Il clamore in questione era stato suscitato da alcune dichiarazioni apparse sui media locali che avevano riportato il coinvolgimento di alcuni sacerdoti diocesani con accuse di presunti abusi sessuali formulate da un giovane su un social network su fatti risalenti a 17 anni fa e che sono al vaglio della magistratura. «Vorrei che fosse chiaro – spiega il vescovo – che la Chiesa di cui sono padre nella fede e della quale mi sento figlio sceglie di stare senza se e senza ma dalla parte delle vittime e di trattare secondo giustizia i responsabili».

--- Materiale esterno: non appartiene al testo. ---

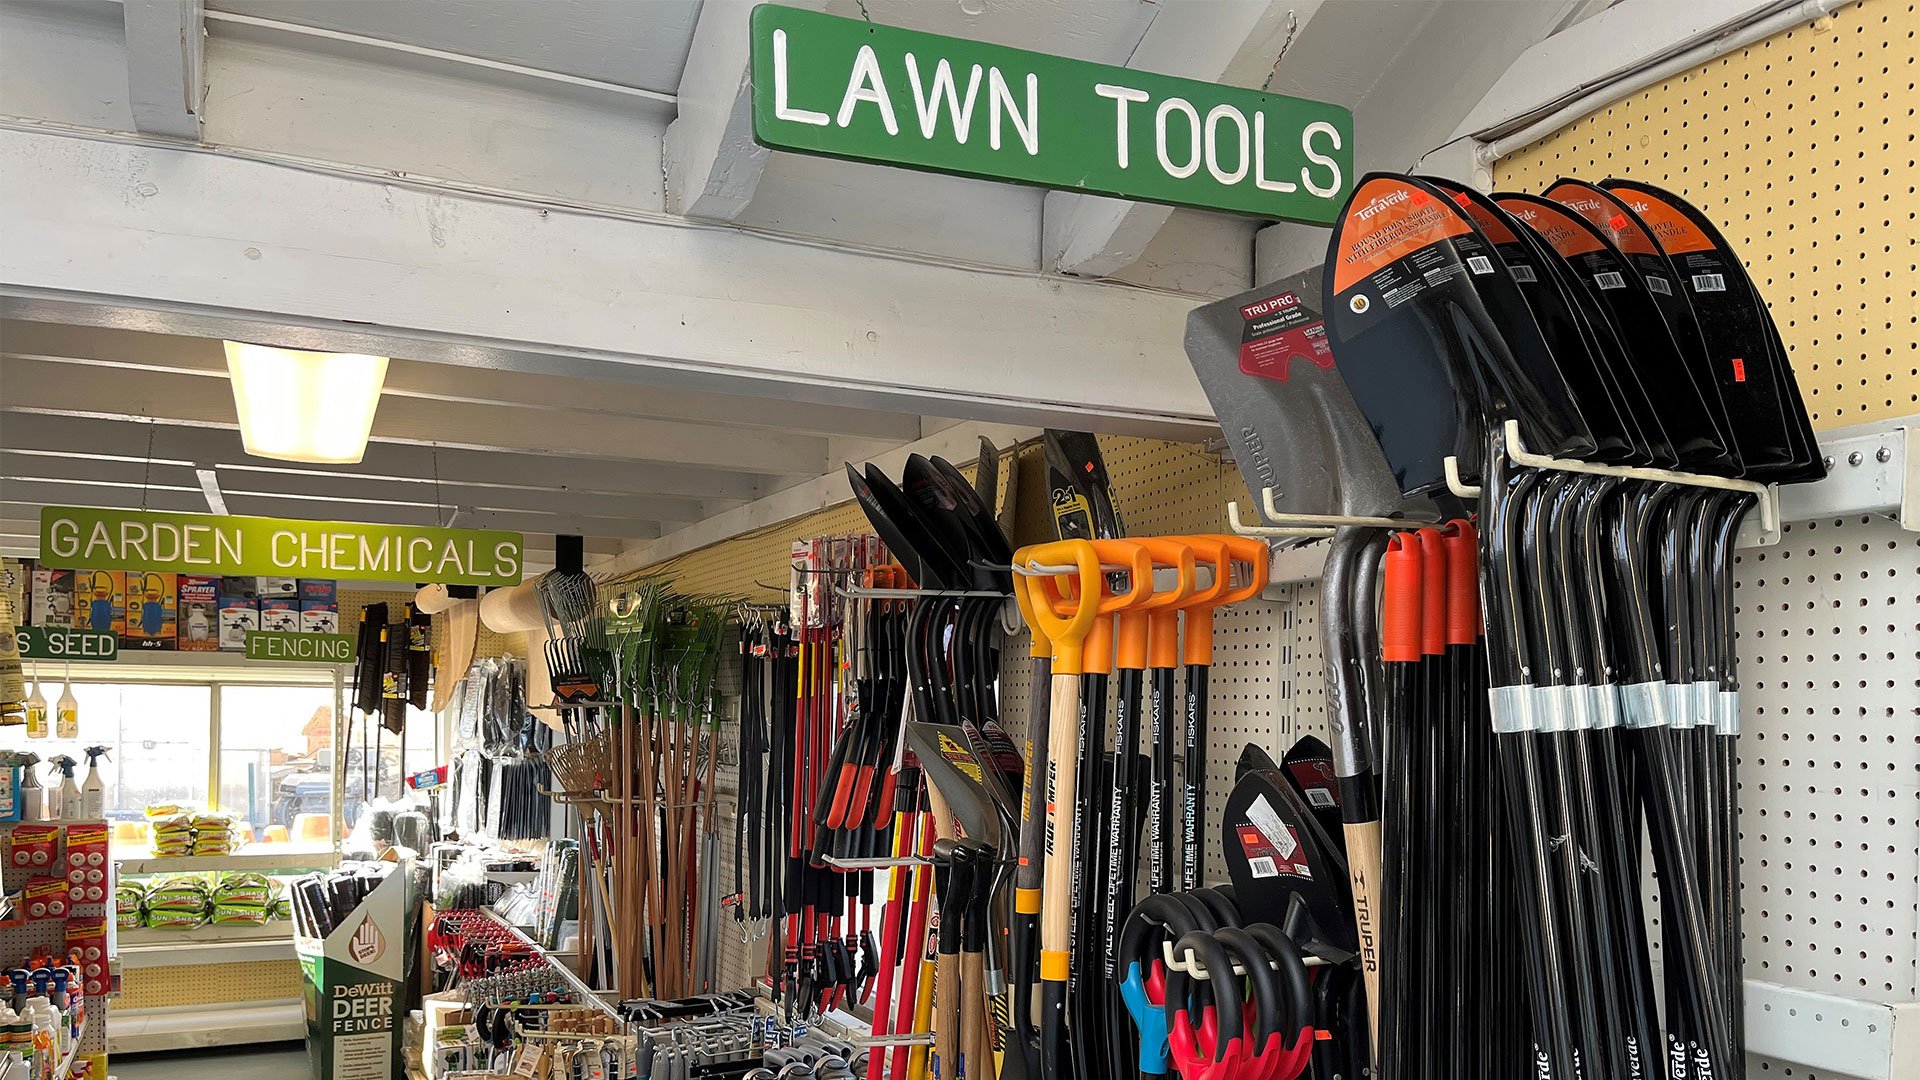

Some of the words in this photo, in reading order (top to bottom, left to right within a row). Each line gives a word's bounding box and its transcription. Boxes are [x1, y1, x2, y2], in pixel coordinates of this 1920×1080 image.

[772, 28, 1038, 156] LAWN
[1095, 82, 1342, 198] TOOLS
[1354, 189, 1410, 221] TerraVerde
[1345, 247, 1369, 265] WITH
[1370, 222, 1420, 254] FIBERGLASS
[1420, 210, 1448, 229] HANDLE
[1351, 230, 1382, 252] ROUND
[1382, 218, 1407, 237] POINT
[1408, 206, 1436, 223] SHOVEL
[1541, 224, 1566, 236] OVEL
[1650, 220, 1676, 232] OVEL
[1656, 227, 1688, 239] ANDLE
[1245, 303, 1269, 316] TRU
[1269, 295, 1294, 309] PRO
[1253, 316, 1285, 330] Professional
[1286, 311, 1302, 321] Grade
[49, 518, 243, 566] GARDEN
[271, 529, 519, 579] CHEMICALS
[181, 584, 216, 594] SPRAYER
[48, 632, 114, 656] SEED
[252, 636, 350, 659] FENCING
[1116, 698, 1125, 755] FISKARS
[1187, 692, 1196, 748] FISKARS
[1110, 787, 1122, 849] WARRANTY
[1152, 780, 1161, 840] WARRANTY
[1185, 784, 1196, 843] WARRANTY
[1045, 822, 1055, 857] TRUE
[1108, 849, 1118, 896] LIFETIME
[1151, 840, 1160, 888] LIFETIME
[1184, 843, 1194, 890] LIFETIME
[1106, 900, 1115, 932] STEEL
[358, 945, 374, 954] STOPS
[1105, 933, 1114, 956] ALL
[1357, 896, 1377, 972] TRUPER
[334, 981, 394, 998] DeWitt
[333, 998, 393, 1019] DEER
[333, 1016, 393, 1033] FENCE

«Seguendo l'esempio di papa Francesco – continua il presule – ho agito in comunione con lui. Perciò, ora posso dirlo a chiare lettere: a proposito dei fatti in questione anche se penalmente non ci fosse rilevanza, canonicamente siamo in dovere di prendere provvedimenti disciplinari, perché non possiamo accettare fraintendimenti. La mia scelta è stata chiara fin dal principio: ho cercato un costante confronto con la magistratura».

«Tuttavia – aggiunge – questo non mi impedisce di guardare con misericordia i sacerdoti coinvolti in queste vicende e i confratelli che hanno attraversato esperienze simili: la nostra fragilità non toglie nulla al Vangelo e alla sua capacità di servire la felicità della persona; la nostra fragilità non impedisce a Dio di operare cambiamenti e conversione anche nel cuore di chi sbaglia».

Per questo monsignor Cibotti chiede perdono «a nome di tutta la Chiesa diocesana a chi soffre nel presente e a chi ha un passato di profondo dolore, alle singole persone e alle loro famiglie, alle comunità parrocchiali coinvolte in vario modo». Ma non manca anche di ringraziare «quanti aiutano a fare più trasparenza, per amore alla verità e alla giustizia e per tutto il bene che silenziosamente e umilmente viene compiuto».